We support an IPOD in Lawrenceville – a new plan for inclusionary zoning

Just Harvest grassroots organizer Helen Gerhardt address Pittsburgh's Planning Commission in support of the plan to create inclusionary zoning in Lawrenceville

Just Harvest grassroots organizer Helen Gerhardt address Pittsburgh’s Planning Commission in support of the plan to create inclusionary zoning in Lawrenceville. (Photo via Pittsburgh UNITED)

Inclusionary zoning is a proven and effective tool for creating housing opportunities for all as cities grow.

The Inclusionary Housing Interim Planning Overlay District (IPOD-6) was introduced by Councilwoman Deb Gross in February. It’s the first mandatory inclusionary zoning program in the City of Pittsburgh and requires residential projects in Lawrenceville over 20 units in size to price 10% of their units for low- and moderate-income folks.

The people of Pittsburgh badly need this legislation. Developers have created hundreds of new residential units in Lawrenceville in the last couple years. This has sent housing prices soaring, displacing hundreds of residents. Inclusionary zoning won’t solve all of Lawrenceville’s housing challenges, but it’s one important part of the solution.

Today, Just Harvest submitted the following letter to Pittsburgh’s Planning Commission at a public hearing on the proposed IPOD today. Following the public hearing the plan will go to Pittsburgh City Council for another public hearing, and then a vote. Once approved, the IPOD would be in place for 18-24 months.


Our Letter to the City of Pittsburgh Planning Commission on IPOD-6

Just Harvest is pleased to write this letter of support for the Inclusionary Housing Interim Planning Overlay District (IPOD) in Lawrenceville, which Pittsburgh Councilwoman Gross introduced in February.

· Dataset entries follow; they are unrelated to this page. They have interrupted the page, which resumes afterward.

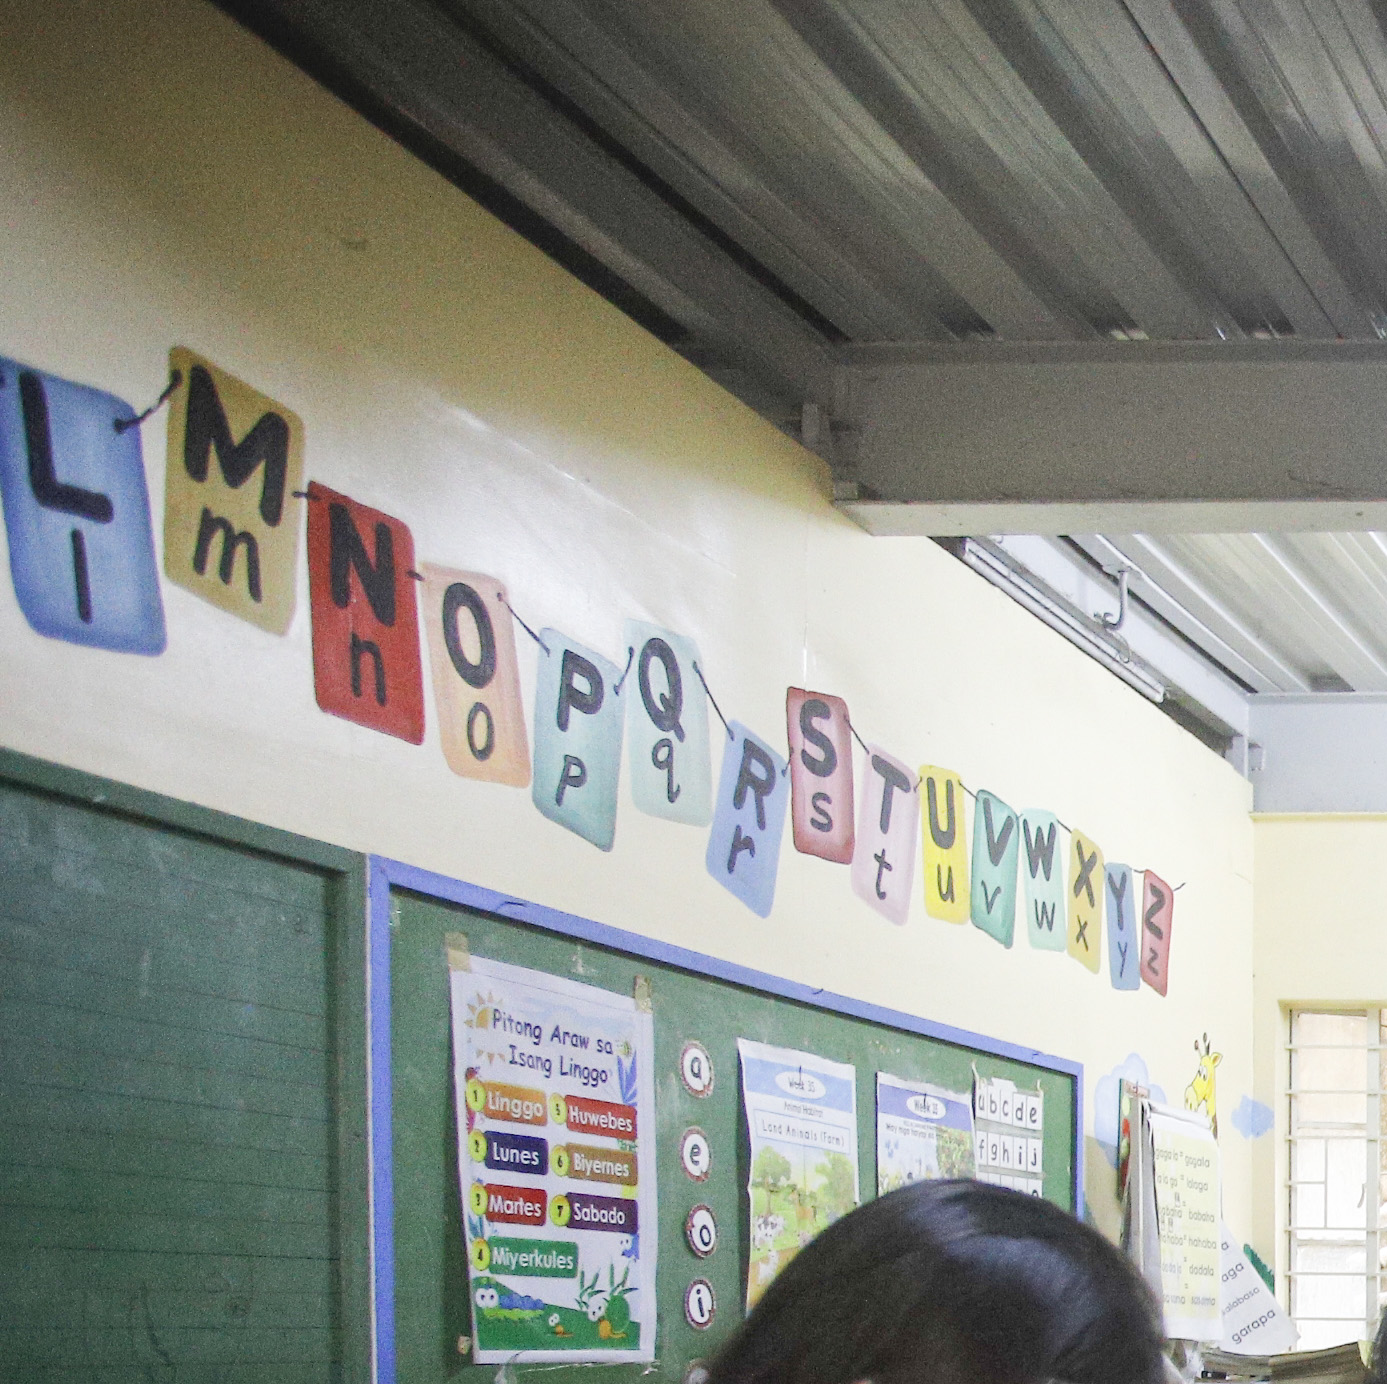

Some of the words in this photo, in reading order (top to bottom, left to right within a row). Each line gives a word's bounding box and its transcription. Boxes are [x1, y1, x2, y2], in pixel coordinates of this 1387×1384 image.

[19, 371, 115, 524] L
[184, 364, 291, 528] M
[328, 501, 396, 628] N
[441, 582, 498, 690] O
[557, 648, 606, 733] P
[638, 636, 685, 742] Q
[798, 698, 838, 778] S
[733, 736, 776, 831] R
[871, 753, 912, 836] T
[926, 776, 957, 850] U
[982, 795, 1016, 867] V
[1022, 818, 1057, 883] W
[1072, 837, 1098, 909] X
[1109, 870, 1130, 931] Y
[1143, 883, 1166, 941] Z
[492, 1008, 543, 1046] Pitong
[550, 1024, 590, 1050] Araw
[596, 1038, 614, 1055] sa
[508, 1044, 553, 1079] Isang
[559, 1054, 609, 1088] Linggo
[487, 1091, 544, 1121] Linggo
[989, 1092, 998, 1114] b
[1002, 1099, 1009, 1117] c
[1015, 1101, 1024, 1122] d
[1029, 1106, 1037, 1124] e
[567, 1104, 634, 1133] Huwebes
[762, 1119, 783, 1138] Land
[785, 1123, 818, 1143] Animals
[492, 1141, 540, 1166] Lunes
[690, 1143, 703, 1167] e
[979, 1138, 985, 1160] f
[990, 1143, 998, 1161] g
[1002, 1141, 1010, 1164] h
[1018, 1145, 1022, 1165] i
[1030, 1147, 1037, 1166] j
[573, 1153, 631, 1178] Biyernes
[488, 1193, 543, 1218] Martes
[573, 1202, 627, 1226] Sabado
[699, 1224, 712, 1247] o
[491, 1246, 575, 1271] Miyerkules
[695, 1288, 706, 1317] i
[1231, 1308, 1277, 1345] garapa

Just Harvest works with many partners across Allegheny County to address hunger at its root – economic injustice – through a focus on public policy, food access, and community power.

Currently, rising housing costs are not only directly eating into the food budgets of low-income people across our region, they have also been displacing many thousands of lower-income people out of Pittsburgh. Such displacement into the ring suburbs means that many low-income residents no longer have access to healthy food or adequate public transit to get to such food, as well as to jobs, health care, and many other critical needs.

Unequal access to housing in neighborhoods of opportunity is both an economic justice issue and an ongoing failure of City and County to meet their civil rights obligations to Affirmatively Furthering Fair Housing. Housing in Pittsburgh and Allegheny County remains largely segregated, with persons of color, people with disabilities, families with children, and others protected by applicable Fair Housing laws generally having fewer choices and less access to critical needs.

The impacts of displacement on affected families and individuals are myriad, from inferior access to educational and employment opportunities to poorer health outcomes. Access to nutritious food is widely understood as a key factor in such adverse preventable health outcomes as heart disease, diabetes, and infant mortality.

By enhancing neighborhood diversity by race and income, inclusionary zoning can be a powerful force in maintaining access to nutritious food. This zoning tool is an important component of a city strategy to ensure equitable food access. We strongly encourage the Planning Commission and City Council to approve this measure as a means to protect the public’s health, especially among those at-risk of displacement into food deserts.

While this IPOD legislation only affects Lawrenceville, mandatory inclusionary zoning is something that was recommended city-wide by the Affordable Housing Task Force and the Inclusionary Housing and Incentive Zoning Exploratory Committee.

This IPOD is an important first step forward in realizing those recommendations. With clear evidence of stress and damage through displacement in Lawrenceville’s hot housing market, this IPOD could allow us to test possibilities and learn how such zoning might be best adapted for other parts of the city that are experiencing displacement by rising housing costs.